Após o brinde, o velho Yun conduziu Xia Jingyun pela mão até o escritório. Diz o ditado: o coração das mulheres e o escritório dos homens são lugares raramente abertos a outros. Por isso, Xia Jingyun entrou atento, temendo agir de modo impróprio.
O velho Yun fechou a porta, sentou-se lentamente e disse: “Embora o ocorrido hoje pareça resolvido, haverá consequências. Por trás daquele jovem Zheng estão o governador de Jianning, o responsável pela academia da província e um grupo de eruditos sem caráter. Muitas vezes, nem é preciso que Zheng Tianyu aja; alguns bajuladores podem tentar prejudicá-lo para ganhar méritos. Esteja atento.”
Xia Jingyun sabia bem disso, mas, por respeito à preocupação de seu mestre, não fez ar de quem já sabia de tudo, apenas assentiu com seriedade. Ao vê-lo tão compenetrado, o velho Yun sorriu: “Mas não se preocupe tanto. Hoje, intercedi por você. Quem quiser lhe fazer mal terá de pensar duas vezes.”
Diante disso, Xia Jingyun sorriu: “É verdade. Bastaria um pouco de sua reputação, mestre, para assustar qualquer um e fazê-los recuar.” Ninguém rejeita palavras agradáveis; apenas quando vindas de quem não gostamos, soam falsas e bajuladoras. Mas, vindas de alguém de quem gostamos, tornam-se doces e reconfortantes.
O velho Yun saboreou o elogio, sorriu satisfeito e logo retomou a expressão séria. “Chamei você aqui por outro motivo. Mandei os guardas investigarem seu passado. Quando foram ao campo de trabalho perguntar ao capataz, souberam que, dois dias atrás, alguém já tinha estado lá em busca de informações sobre você.”
Naquele momento, os olhos de Xia Jingyun se estreitaram, e um arrepio gelado subiu-lhe pela espinha, como se serpentes rastejassem em silêncio sobre sua pele. Dois dias antes da competição literária, ele ainda era apenas um trabalhador recém-saído do campo, sem contatos. Quem teria interesse em investigar sua vida?

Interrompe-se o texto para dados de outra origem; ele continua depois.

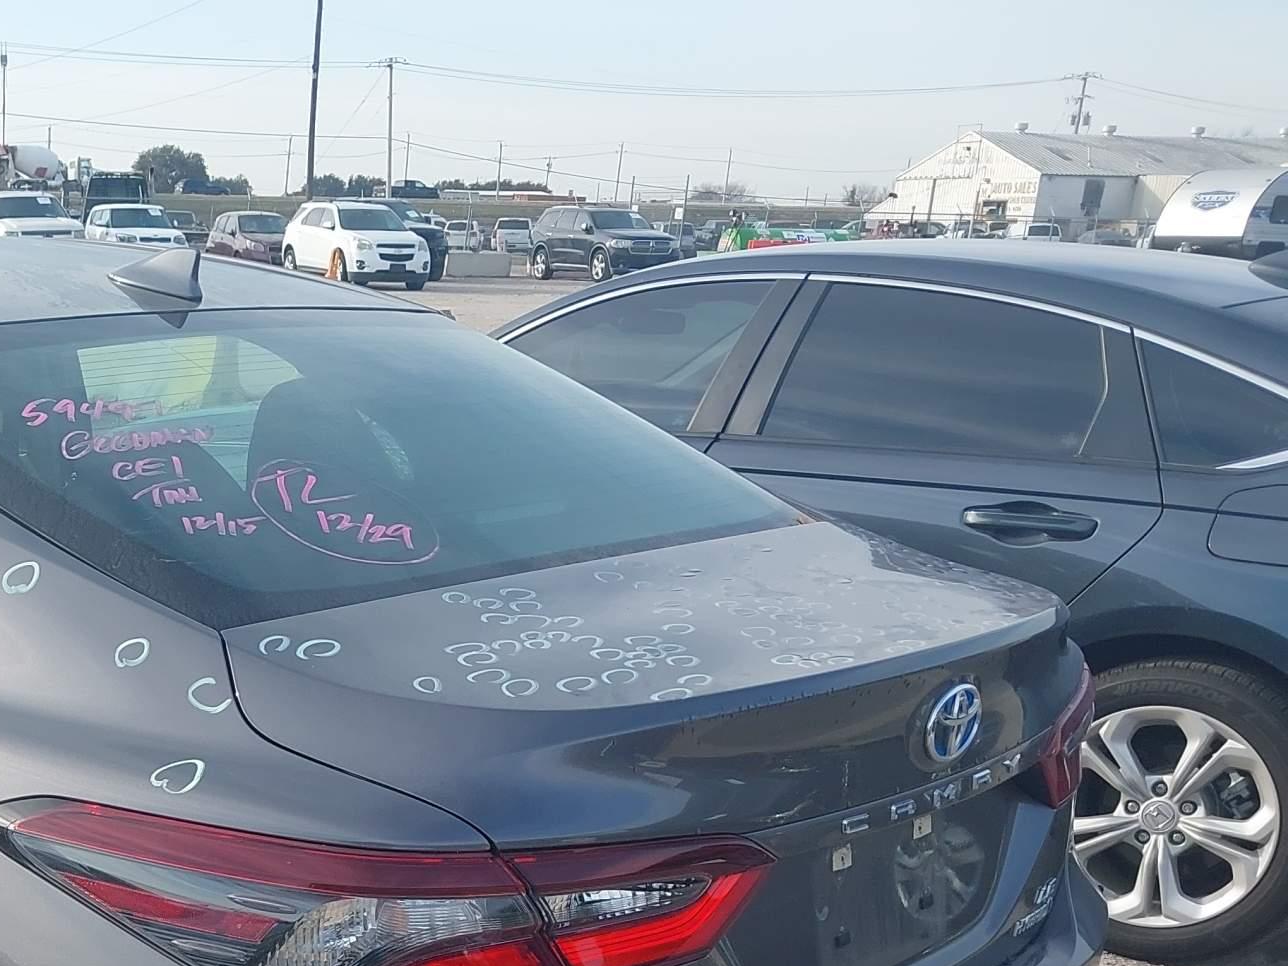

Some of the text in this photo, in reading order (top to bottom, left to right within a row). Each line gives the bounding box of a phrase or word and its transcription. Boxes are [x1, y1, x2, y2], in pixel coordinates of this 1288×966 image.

[992, 182, 1038, 194] AUTO SALES
[181, 511, 267, 537] 12/15
[316, 510, 414, 550] 12/29
[842, 753, 1022, 834] CAMRY

Seria o cunhado do magistrado do condado vizinho, que tomou as terras ancestrais de sua família? Ou seria Zheng Tianyu?
“Ah, mais uma coisa”, o velho Yun acrescentou. “Nesses dias, não saia da cidade sem necessidade. Ouvi dizer que os salteadores estão agindo com violência lá fora e já houve várias mortes.”

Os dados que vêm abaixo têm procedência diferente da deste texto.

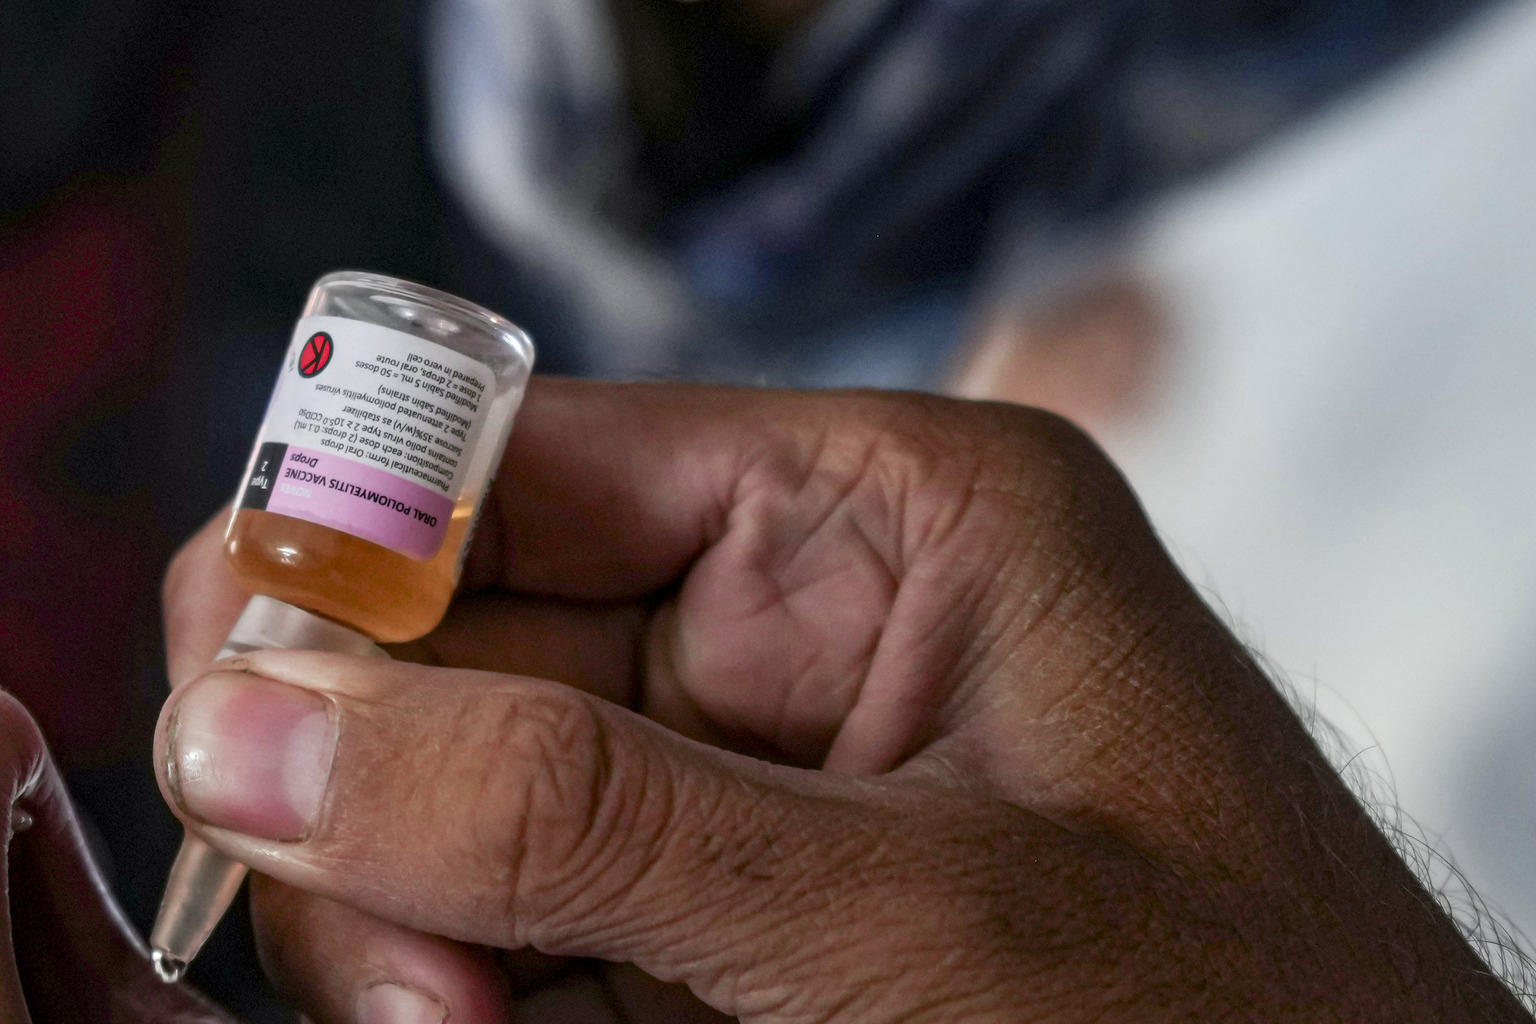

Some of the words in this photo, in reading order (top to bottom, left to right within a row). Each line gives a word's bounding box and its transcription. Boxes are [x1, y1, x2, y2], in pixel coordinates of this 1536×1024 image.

[377, 355, 399, 367] route
[407, 353, 423, 363] cell
[356, 361, 379, 373] doses
[400, 363, 418, 373] oral
[424, 359, 442, 371] vero
[444, 367, 452, 376] in
[380, 368, 392, 377] 50
[401, 374, 413, 383] mL
[421, 368, 445, 384] drops,
[452, 371, 485, 392] Prepared
[315, 384, 340, 395] viruses
[378, 385, 410, 401] strains)
[422, 382, 445, 397] Sabin
[459, 386, 476, 399] dose
[343, 390, 397, 410] poliomyelitis
[412, 397, 435, 413] Sabin
[445, 391, 478, 412] Modified
[342, 406, 381, 422] stabilizer
[397, 406, 443, 428] attenuated
[435, 407, 471, 429] (Modified
[294, 420, 307, 429] mL)
[309, 424, 320, 433] 0.1
[362, 425, 381, 437] type
[322, 427, 347, 439] drops:
[348, 433, 358, 443] (2
[383, 432, 403, 444] virus
[393, 420, 433, 443] 35%(w/v)
[451, 428, 466, 442] Type
[321, 439, 344, 451] drops
[359, 437, 380, 449] dose
[406, 440, 427, 453] polio
[434, 437, 462, 456] Sucrose
[345, 446, 364, 457] Oral
[382, 445, 402, 456] each
[290, 453, 318, 468] Drops
[366, 452, 389, 467] form:
[428, 449, 457, 467] contains
[404, 452, 453, 480] Composition:
[251, 476, 267, 489] Type
[285, 468, 326, 486] VACCINE
[391, 461, 449, 491] Pharmaceutical
[282, 483, 312, 499] NOVEL
[329, 479, 411, 515] POLIOMYELITIS
[414, 508, 437, 527] ORAL

Xia Jingyun assentiu, solene.
Pouco depois, Xia Jingyun e Feng Xiuyun deixaram a mansão Yun. Por causa da visita da Consorte Virtuosa, a cidade estava sem toque de recolher naquele mês, e as ruas ainda estavam cheias de gente sob a lua nascente. Caminhavam lado a lado, como se partilhassem um momento íntimo sob o brilho prateado, trazendo à mente versos românticos de encontros ao entardecer.
Feng Xiuyun, de soslaio, observava o perfil de Xia Jingyun e não podia deixar de se surpreender. Em apenas um dia, passou de alguém inalcançável para ela a alguém que agora precisava admirar de longe. Aquela esperança tola e absurda que por um instante acalentara, foi sumariamente destruída antes mesmo de tomar forma.
Enquanto isso, Xia Jingyun não parava de pensar nas palavras de seu mestre: alguém mais estava investigando seu passado! Ele nunca fora de esperar pelo destino; precisava esclarecer aquilo, ou não teria paz.
Virou-se para Feng Xiuyun e disse: “Senhora, gostaria de lhe pedir um favor.” Feng Xiuyun conteve o turbilhão de emoções, respirou fundo, tentando recuperar a postura fria e altiva de antes. Mas recordou-se que o jovem ao seu lado era agora discípulo do velho Yun, alguém inalcançável para ela, e respondeu, um pouco frustrada: “Pode falar.”
“Você me acompanharia amanhã ao campo de trabalho?” Feng Xiuyun piscou, como se dissesse: só isso?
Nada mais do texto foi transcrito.